ASSIGNMENT -
Copy out all the data, word for word.

[Referring expression grounding data]
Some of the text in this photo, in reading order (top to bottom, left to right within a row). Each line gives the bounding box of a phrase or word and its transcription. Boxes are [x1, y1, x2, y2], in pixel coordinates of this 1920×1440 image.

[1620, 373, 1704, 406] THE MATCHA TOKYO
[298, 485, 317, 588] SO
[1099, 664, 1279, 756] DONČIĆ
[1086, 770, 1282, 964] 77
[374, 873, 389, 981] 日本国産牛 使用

RESPONSE -
Some of the text in this photo, in reading order (top to bottom, left to right within a row). Each line gives the bounding box of a phrase or word and its transcription. Boxes are [x1, y1, x2, y2], in pixel coordinates of this 1920×1440 image.

[1620, 373, 1704, 406] THE MATCHA TOKYO
[298, 485, 317, 588] SO
[1099, 664, 1279, 756] DONČIĆ
[1086, 770, 1282, 964] 77
[374, 873, 389, 981] 日本国産牛 使用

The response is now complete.